Il pressentait que cette liberté nouvelle, si ardemment désirée, viendrait vite accompagnée de ses conditions, de ses limites… et de ses pièges. Il devinait déjà aussi que, dès le lendemain, certains raconteraient combien l’émir leur avait paru prudent, mal informé, presque hésitant, et qu’il avait fallu insister longuement pour l’entraîner dans le projet. Ils diraient aussi, peut-être, qu’il avait préféré avancer avec circonspection, soucieux de ne pas compromettre l’avenir d’un faux pas.
Alors, calmement, presque comme un retrait stratégique, Abdelkrim annonça qu’il avait déjà donné son accord de principe au représentant du roi d’Egypte. Puis il s’excusa, avec cette politesse distante que les années d’épreuve avaient aiguisée. Il préférait, dit-il, rejoindre sa famille, qu’il ne voulait pas faire attendre davantage. Mais sur le chemin de sa cabine, ses pensées s’agitaient, obstinées. Deux questions, en particulier, ne le lâchaient pas. La première : l’arrivée quasi simultanée de Torres et El Fassi en Égypte, quelques jours avant lui, était-elle vraiment fortuite ? Ou bien avait-elle été soigneusement planifiée ? Était-ce pour l’attendre qu’ils s’étaient déplacés ? Pour préparer le terrain, pour baliser les discours, pour encadrer ce retour qu’on appelait « libération », mais qui ressemblait de plus en plus à une récupération politique ? Agissaient-ils seuls, ou en lien avec la Ligue arabe ? Avec le roi Farouk ? Avec le sultan du Maroc lui-même ? Que se tramait-il réellement derrière ces sourires, ces accolades, ces propos chaleureux ? Un complot contre la France ? Ou contre lui ? La seconde question était plus intime, plus vertigineuse encore. Supposons qu’il accepte de « jouer le jeu », comme ils disaient. Supposons qu’il accepte de reprendre sa place, si tant est qu’elle existait encore. Était-il encore l’homme de la situation ? Après vingt et une années d’absence, de repli, d’oubli, avait-il encore la légitimité, la force, la clairvoyance nécessaires pour renouer le fil de l’histoire ? Ne risquait-il pas d’être dévoré, absorbé, récupéré, manipulé ?

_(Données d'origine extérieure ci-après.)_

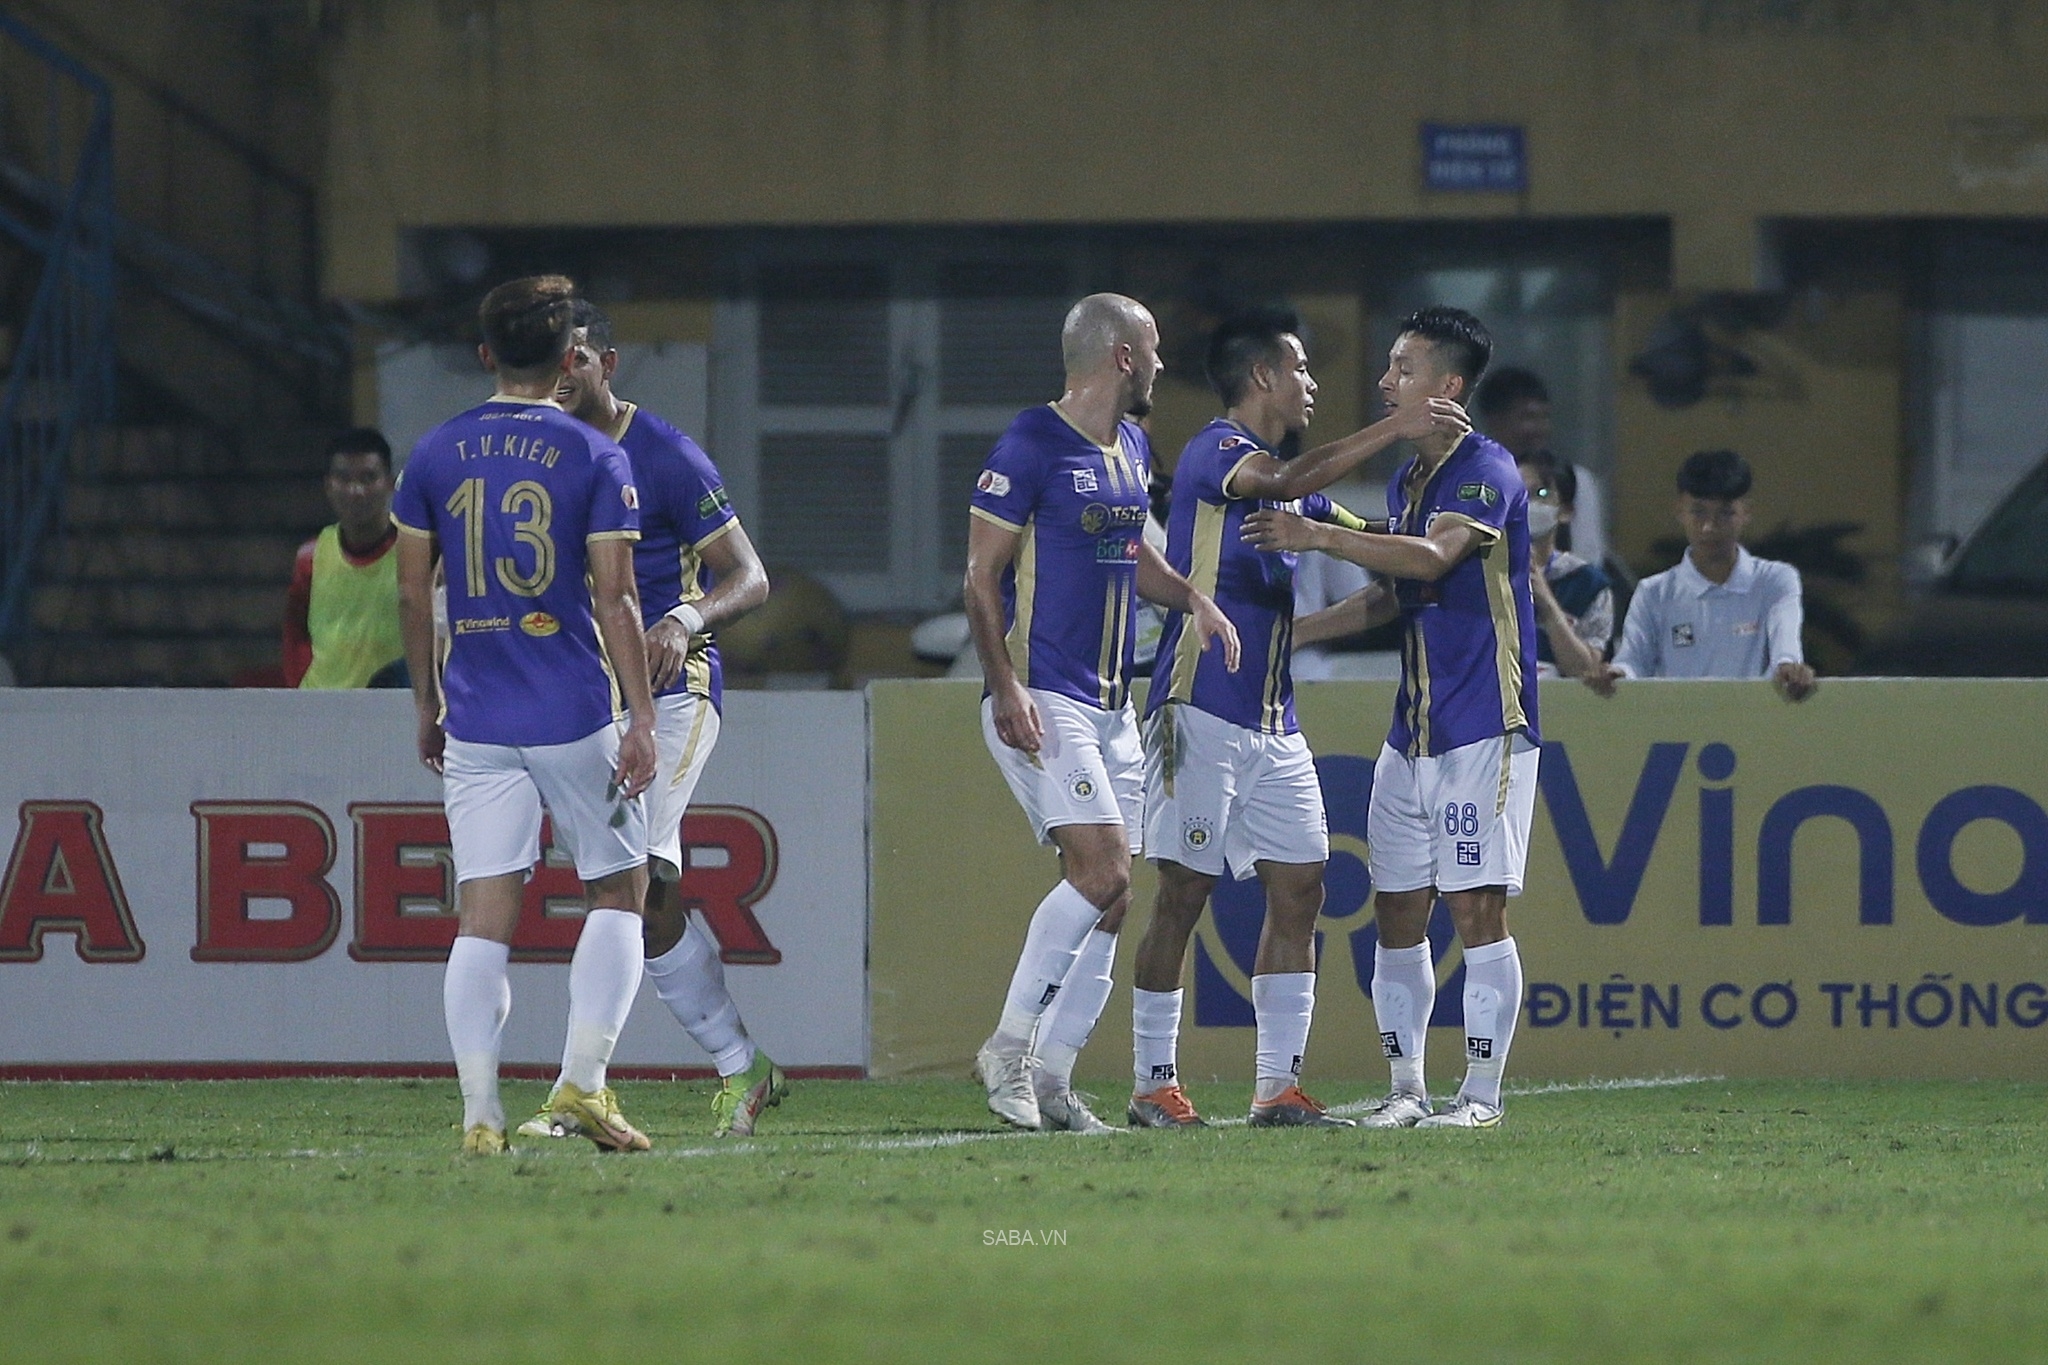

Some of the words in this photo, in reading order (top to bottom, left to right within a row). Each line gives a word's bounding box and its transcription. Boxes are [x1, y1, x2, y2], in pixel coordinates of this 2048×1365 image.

[446, 478, 556, 597] 13
[1444, 801, 1479, 837] 88
[1524, 973, 1681, 1040] ĐIỆN
[1700, 979, 1798, 1030] CƠ

Et pourtant… il le sentait au plus profond de lui : quelque chose s’était mis en mouvement. Un battement nouveau dans sa poitrine. Une tension intérieure, faite à la fois de crainte et d’élan, de lucidité et d’espoir. Cette liberté, encore floue, incertaine, il la touchait presque. Il en sentait la promesse autant que les dangers. Il savait qu’elle allait lui coûter, mais il ne savait pas encore quoi. Et malgré toutes ses réserves, malgré la prudence forgée par l’exil, une soif ancienne remontait en lui. Un désir enfoui. Un feu qui, sous la cendre, ne demandait qu’à renaître. Il voulait cette liberté. Pas seulement pour lui, mais pour les siens. Pour leur avenir. Pour ce pays qu’on lui arrachait jadis, et qu’on semblait vouloir lui rendre… à leur manière.